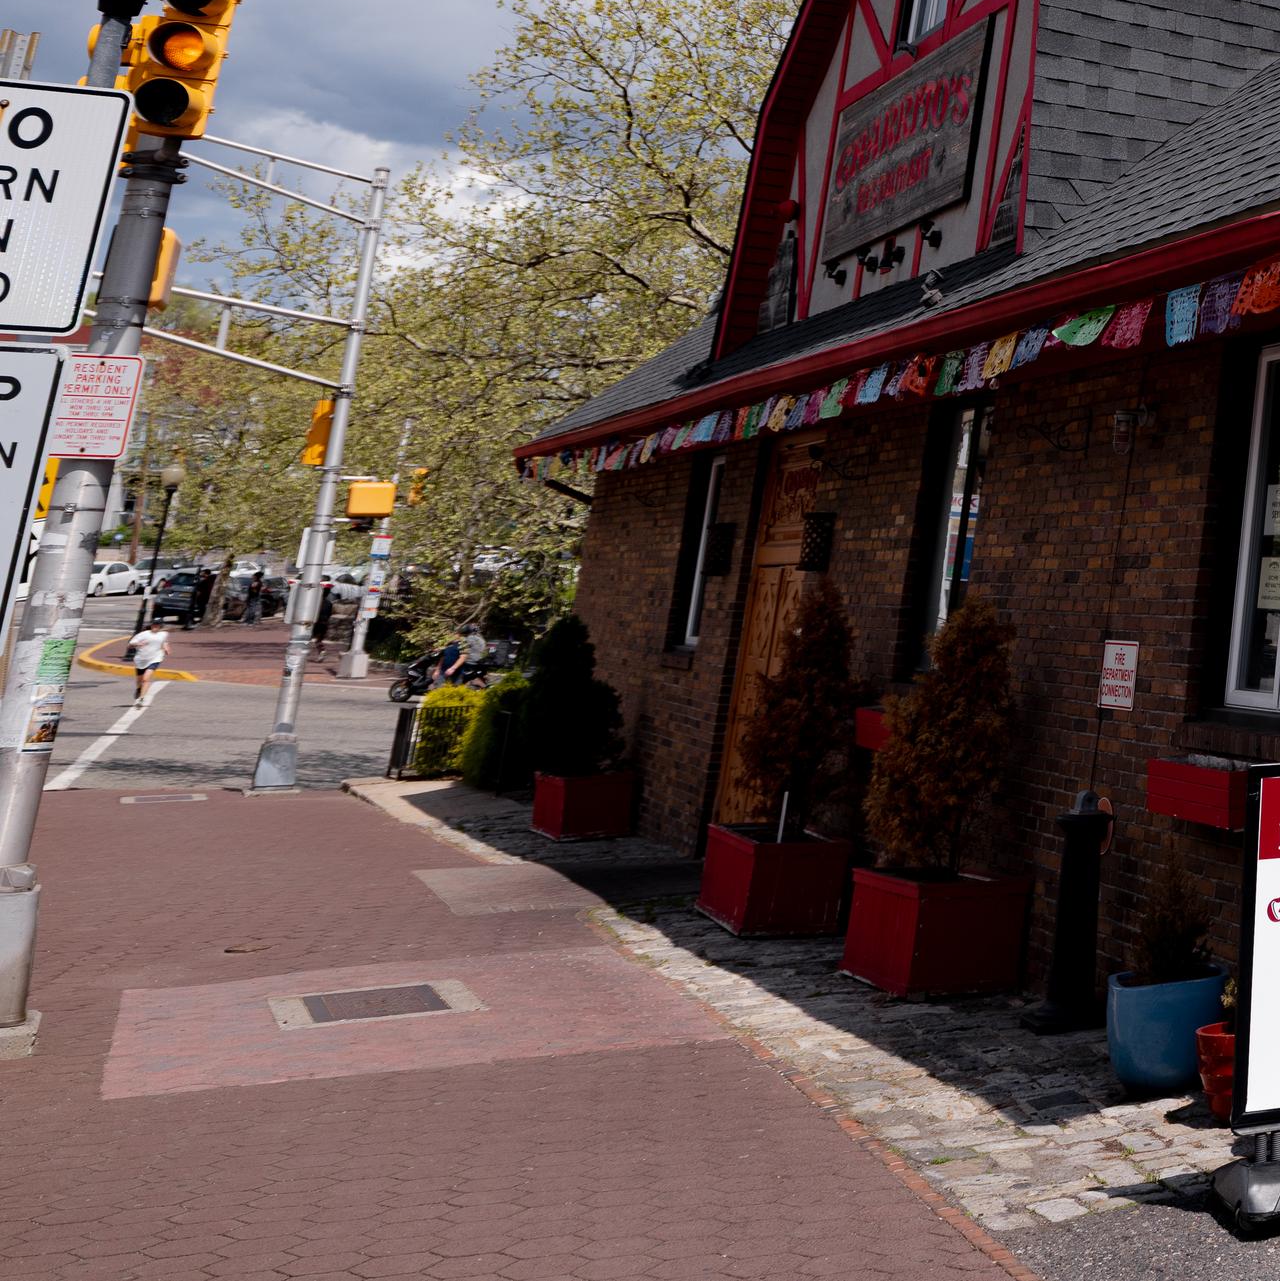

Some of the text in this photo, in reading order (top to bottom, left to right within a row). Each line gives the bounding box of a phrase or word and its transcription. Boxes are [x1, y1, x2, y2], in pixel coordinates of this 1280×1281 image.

[74, 363, 128, 374] RESIDENT
[76, 374, 121, 384] PARKING
[104, 385, 131, 395] ONLY
[1114, 653, 1126, 666] FIRE
[1102, 668, 1135, 681] DEPARTMENT
[1102, 684, 1132, 698] CONNECTION
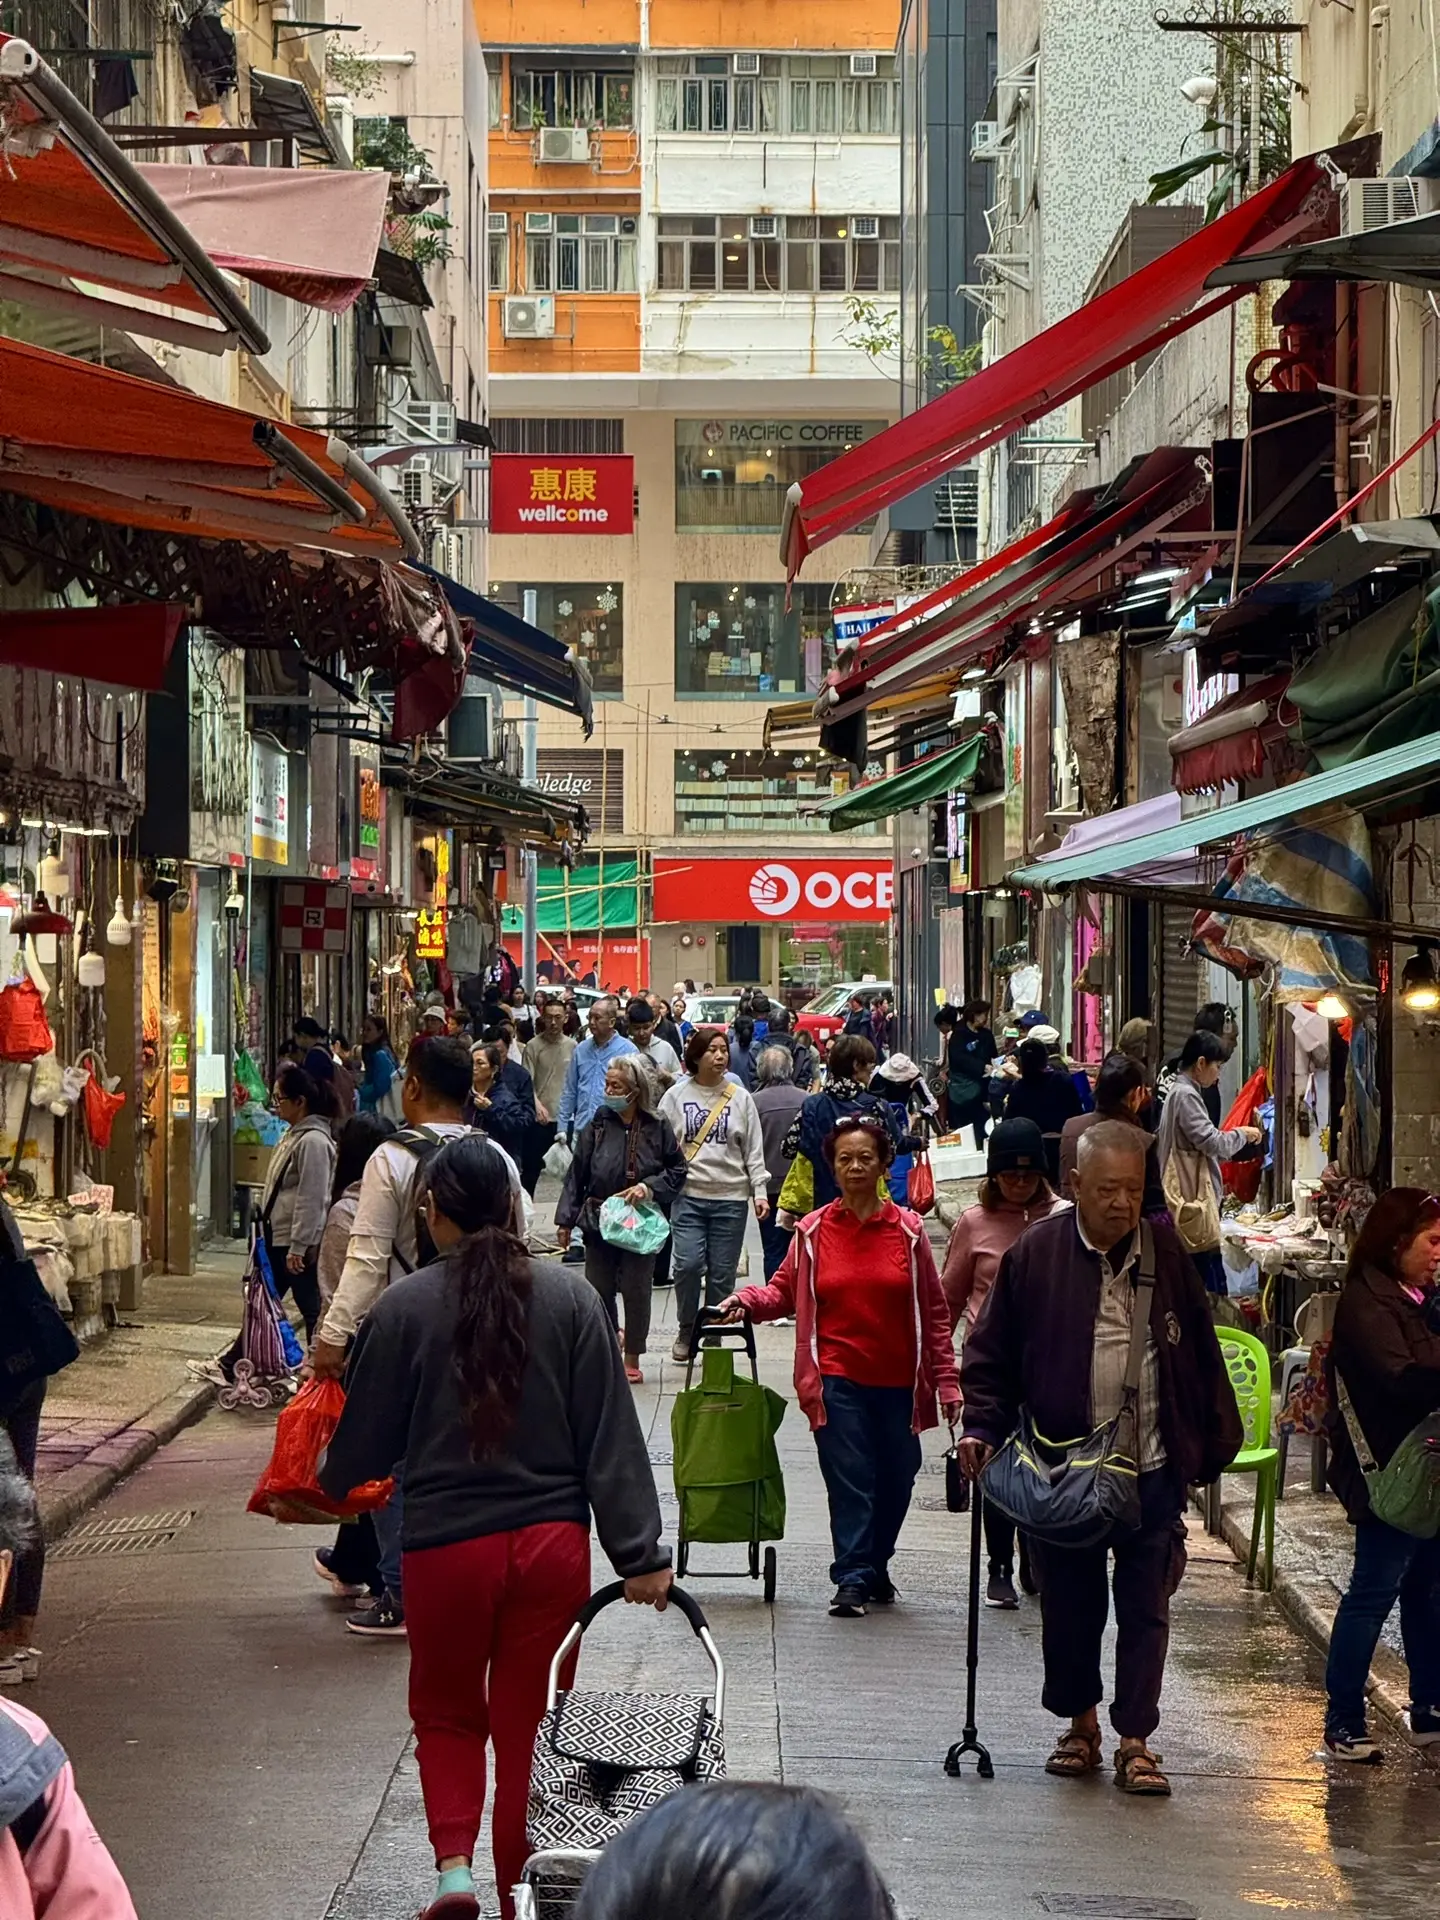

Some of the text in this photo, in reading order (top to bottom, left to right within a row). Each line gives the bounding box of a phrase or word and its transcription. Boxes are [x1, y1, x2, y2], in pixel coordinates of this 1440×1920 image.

Your assignment:
When you write out the material above, keep every line exact and drop each picture.

Expected answer:
Some of the text in this photo, in reading order (top to bottom, left to right within a row). Each line gives the bounding box of a phrase or word and its transcription. Boxes are [x1, y1, x2, y2], in pixel coordinates of this 1280×1281 image.

[74, 363, 128, 374] RESIDENT
[76, 374, 121, 384] PARKING
[104, 385, 131, 395] ONLY
[1114, 653, 1126, 666] FIRE
[1102, 668, 1135, 681] DEPARTMENT
[1102, 684, 1132, 698] CONNECTION

Some of the text in this photo, in reading order (top to bottom, left to right within a row). Each line gives the bounding box of a phrase or word and its transcription. Boxes are [x1, y1, x2, y2], in pixel coordinates of this 1440×1920 image.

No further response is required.